Reviewed by Jennifer Wiss-Carline, Solicitor

Case citations

[2016] EWHC 2273 (Fam)

A same-sex couple’s first child was wrongly adopted by the non-birth mother due to a clinic’s lost consent form. The President of the Family Division declared legal parentage under the 2008 Act and, exceptionally, revoked the adoption order.

Facts

The applicant, X, and her partner Y entered into a civil partnership in 2009 (later converted to marriage in 2015). They planned their family carefully, each intending to bear a child using sperm from the same donor. X received IUI treatment at St Bartholomew’s Hospital Centre for Reproductive Medicine (operated by Barts Health NHS Trust), a clinic regulated by the HFEA, and gave birth to C1 in 2010. Y subsequently gave birth to C2 at a different clinic.

Although X signed a Form WP at the appropriate time, no Form PP signed by Y could be located in the Barts records, nor any Form IC. However, the Barts Treatment Checklist contained manuscript ticks evidencing that Y had attended the information session and signed consent. The file was found to be deficient: it omitted a Characteristics Sheet known to have been completed, and contained a document relating to an entirely different patient.
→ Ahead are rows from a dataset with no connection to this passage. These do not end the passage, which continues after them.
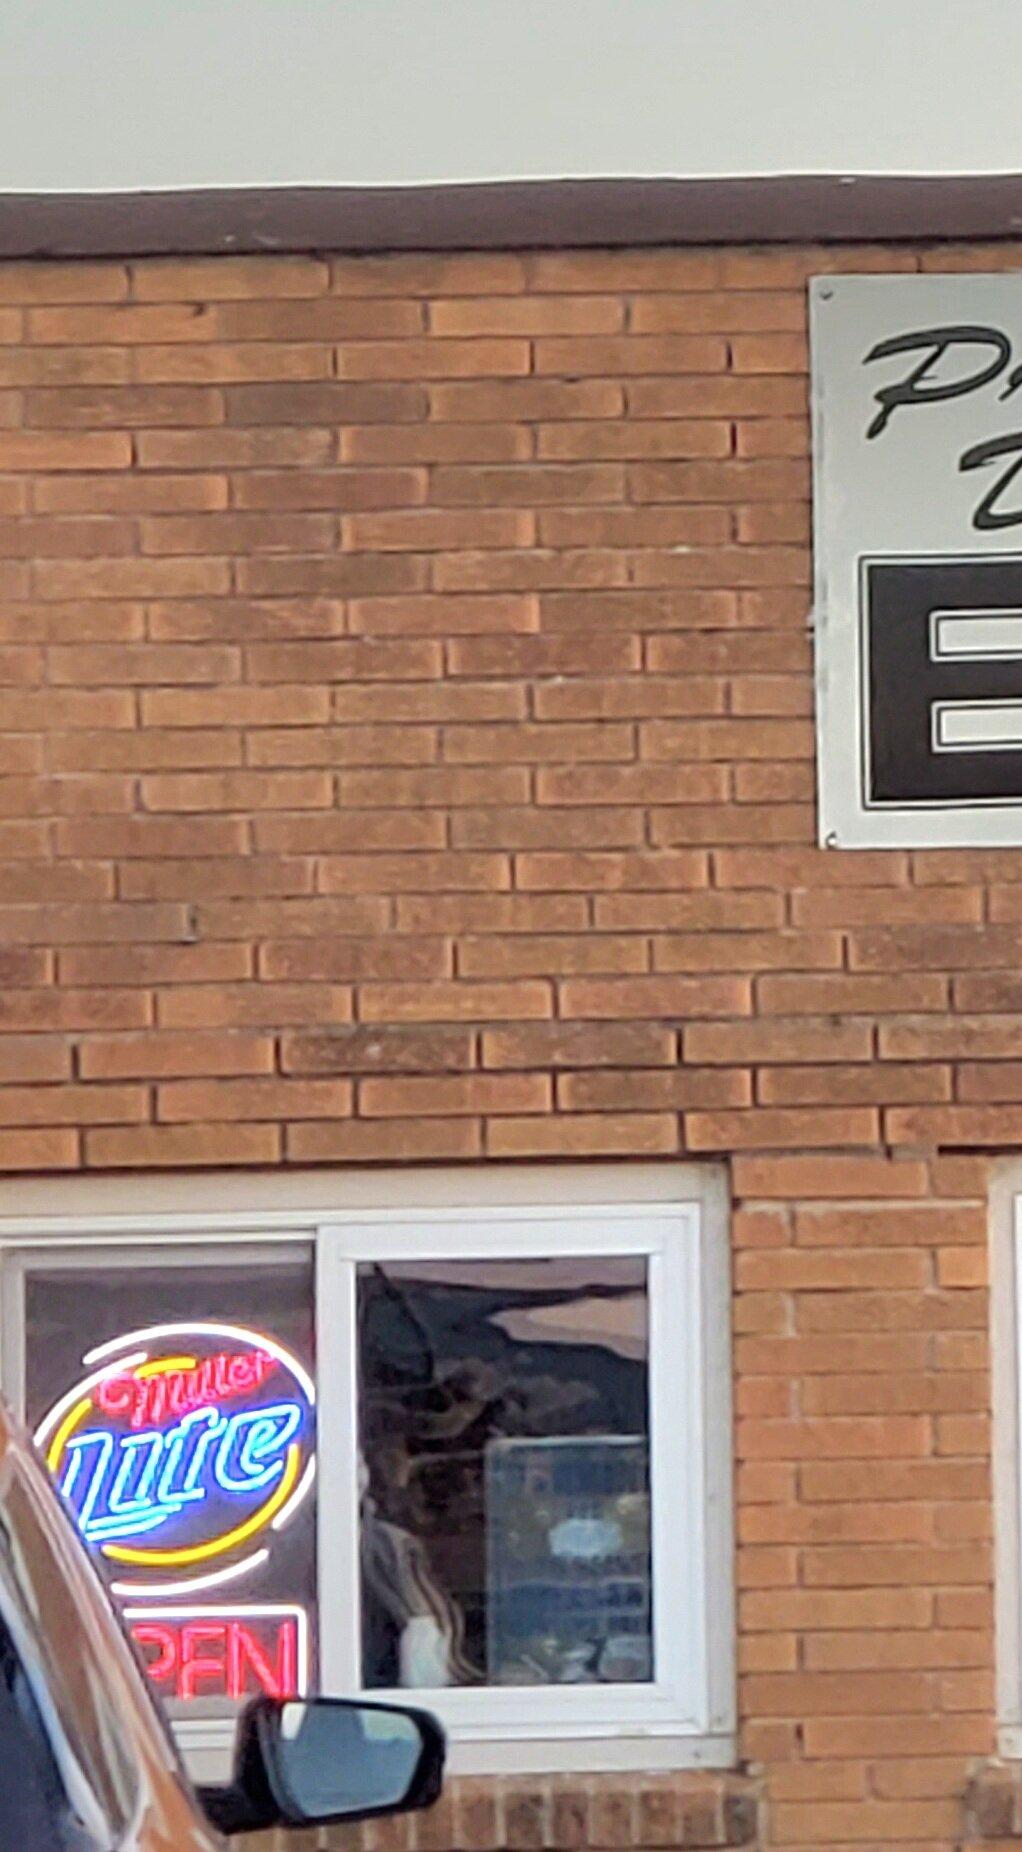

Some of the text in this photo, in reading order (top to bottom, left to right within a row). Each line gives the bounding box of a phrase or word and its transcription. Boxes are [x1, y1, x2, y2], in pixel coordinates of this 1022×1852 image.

[96, 1348, 280, 1428] Miller
[60, 1402, 304, 1544] Lite
[131, 1620, 298, 1702] PEN
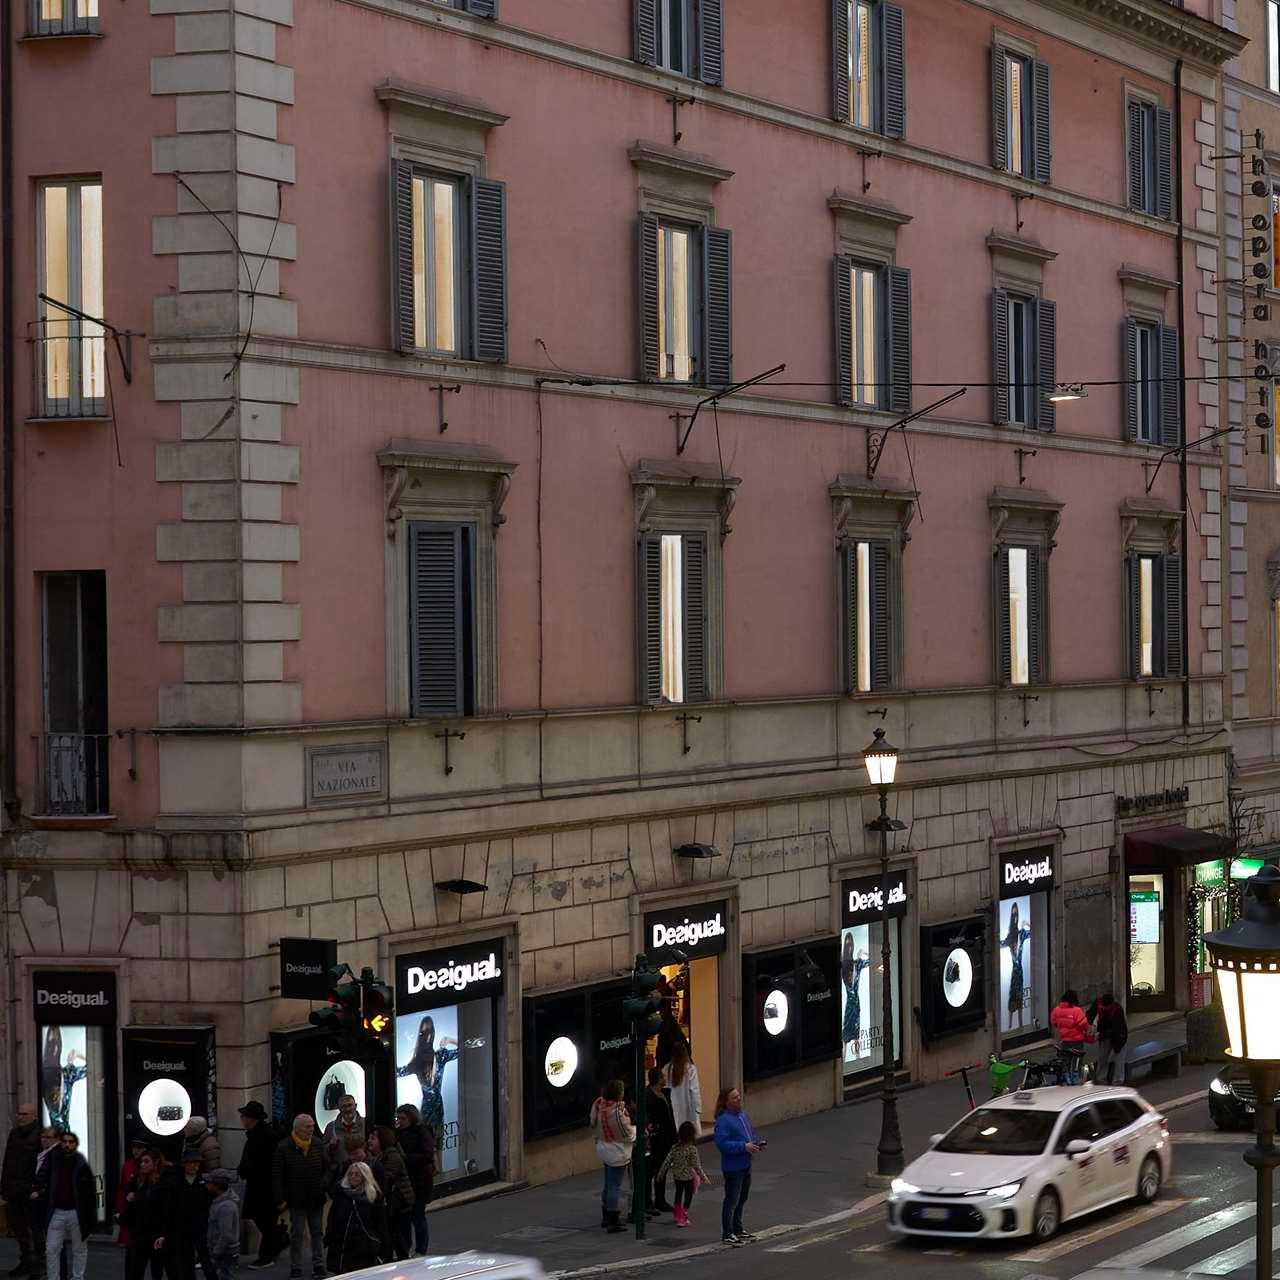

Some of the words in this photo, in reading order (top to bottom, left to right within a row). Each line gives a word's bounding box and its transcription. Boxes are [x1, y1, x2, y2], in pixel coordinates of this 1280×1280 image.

[1254, 338, 1274, 455] hotel
[338, 760, 356, 773] VIA
[317, 776, 377, 792] NAZIONALE
[1197, 867, 1223, 882] CHANGE
[861, 1025, 880, 1039] PARTY
On discovering the alleged defect some years later, X and Y were told by the clinic and their then solicitors that the only remedy was for Y to adopt C1. An adoption order was duly made by a District Judge in 2014, before Theis J’s clarifying judgment in X v Y [2015] EWFC 13. X and Y found the process deeply distressing. They subsequently applied for a declaration of parentage under section 55A of the Family Law Act 1986 and for revocation of the adoption order.

Issues

The court had to determine two issues:

  • Whether, notwithstanding the missing Form PP, Y could be declared the legal parent of C1 under section 36 of the Human Fertilisation and Embryology Act 2008.
  • Whether the High Court had jurisdiction, and should exercise it, to revoke the adoption order made in 2014.

Arguments

Mr James Turner QC for X, supported wholeheartedly by Y, sought a declaration of parentage and revocation of the adoption order. Ms Dorothea Gartland for Barts supported the applications and acknowledged the clinic’s responsibility, offering an apology and agreeing to pay costs. Ms Deirdre Fottrell QC and Mr Thomas Wilson, on behalf of the child’s guardian, unequivocally supported both applications, submitting that C1’s welfare would be better served by restoring the status quo ante and that the adoption was, in Ms Fottrell’s words, a wholly contrived position.

Judgment

Parentage

Applying the statutory framework and principles established in In re A (Legal Parenthood: Written Consents) [2015] EWHC 2602 (Fam), Sir James Munby P found as fact that treatment was embarked upon jointly with full knowledge, that both intended Y to be a legal parent, and that both believed they had signed the requisite forms. The manuscript entries on the Treatment Checklist sufficiently evidenced a Form PP signed by Y at the appropriate time, which had subsequently been lost or mislaid. The case was analytically indistinguishable from Cases A, F and H in In re A. X was entitled to the declaration sought.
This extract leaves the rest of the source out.